S. Smaul, Member S. Smaul, III, MemberA. Smaul, Associate B. Smaul, Paralegal

May 1, 2016

LoweTech Computer Services, LLC1 Any WayAnywhere, VT 05000

Re: Installation and Configuration of Computer System

Dear Mr. Lowe:

This will confirm the details of our recent meeting regarding the computer system you will install in our office. This letter, when countersigned by you below will constitute the agreement between us on this subject.

1. Description of Work. LoweTech will remove 10 workstations and one server from Smaul’s offices and dispose of the computers in a manner that maintains the security and confidentiality of the data on the hard drives . Simultaneously LoweTech will configure and install 10 new workstations as described in Addendum 1 to this letter. LoweTech is responsible for procuring all designated hardware and software and for incorporating any additional or supplemental equipment necessary to network the 10 workstations and server into a single network. (the “Work”) Smaul designated the hardware and software to meet their requirements with assistance from LoweTech consultants.

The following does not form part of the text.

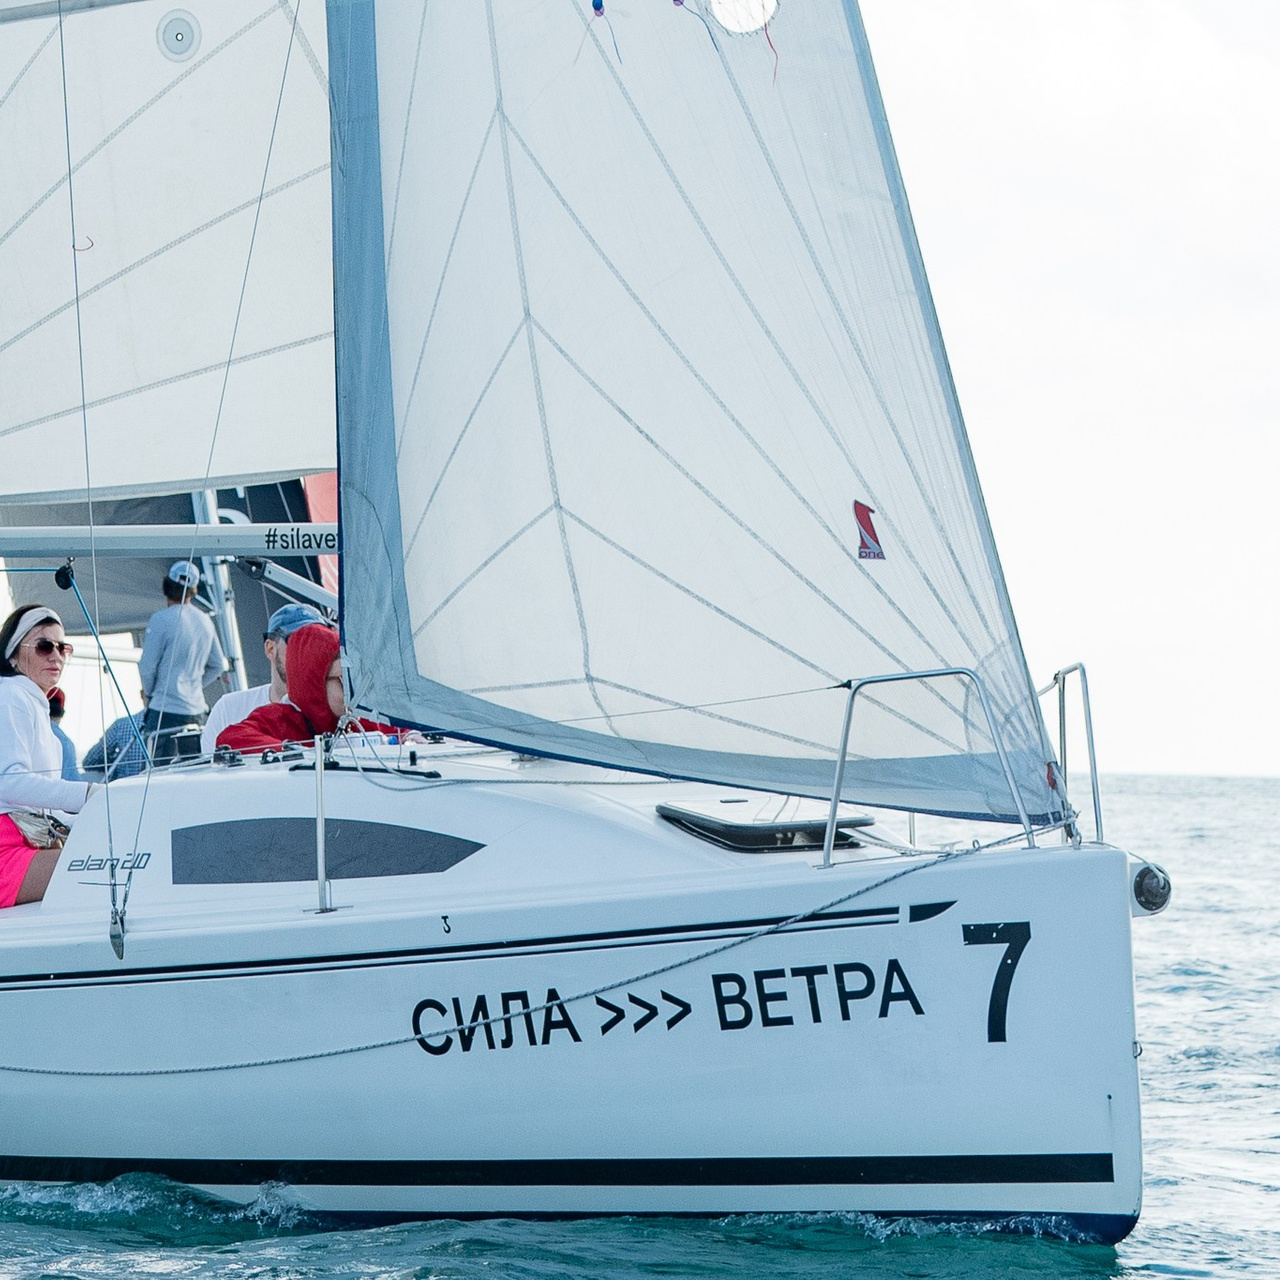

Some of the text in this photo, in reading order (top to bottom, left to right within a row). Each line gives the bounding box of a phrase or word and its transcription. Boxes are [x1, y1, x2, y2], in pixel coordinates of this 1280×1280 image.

[265, 527, 339, 549] #silave
[412, 958, 925, 1056] СИЛА ВЕТРА
[961, 921, 1032, 1043] 7

2. Timeframe for Completion. Lowetech will commence work no earlier than 5:15 pm on July 1, 2016 and will complete the removal of the old equipment and installation of the new equipment no later than 9:15 pm on Monday, July 3, 2016.

3. Payment Terms. Smaul will pay LoweTech the sum of Seventy-nine Thousand Eight Hundred Dollars (US$79,800) for the Work. Smaul will pay Ten Thousand Five Hundred Dollars (US10,500) on May 10, and Fifteen Thousand Dollars ($15,000) on June 5 against the total amount due. The balance of the contract price for the work is due and payable on July 15, 2016. LoweTech will pay the advances totally Twenty-Five Thousand Five Hundred Dollars ($25,500) to suppliers for the hardware and software to be installed. Smaul will pay the costs of any additional hardware and software that is required to complete the work at the time the change is requested. LoweTech is not required to commence alterations to the work unless paid for the costs of the additional hardware and software. Time to configure added hardware and software will be paid by Smaul at the rate of $125.00.

4. Support. LoweTech will provide support services to Smaul for the computer system for 90 daysafter installation. Support services are not included in the cost of the Work specified in Paragraph 3.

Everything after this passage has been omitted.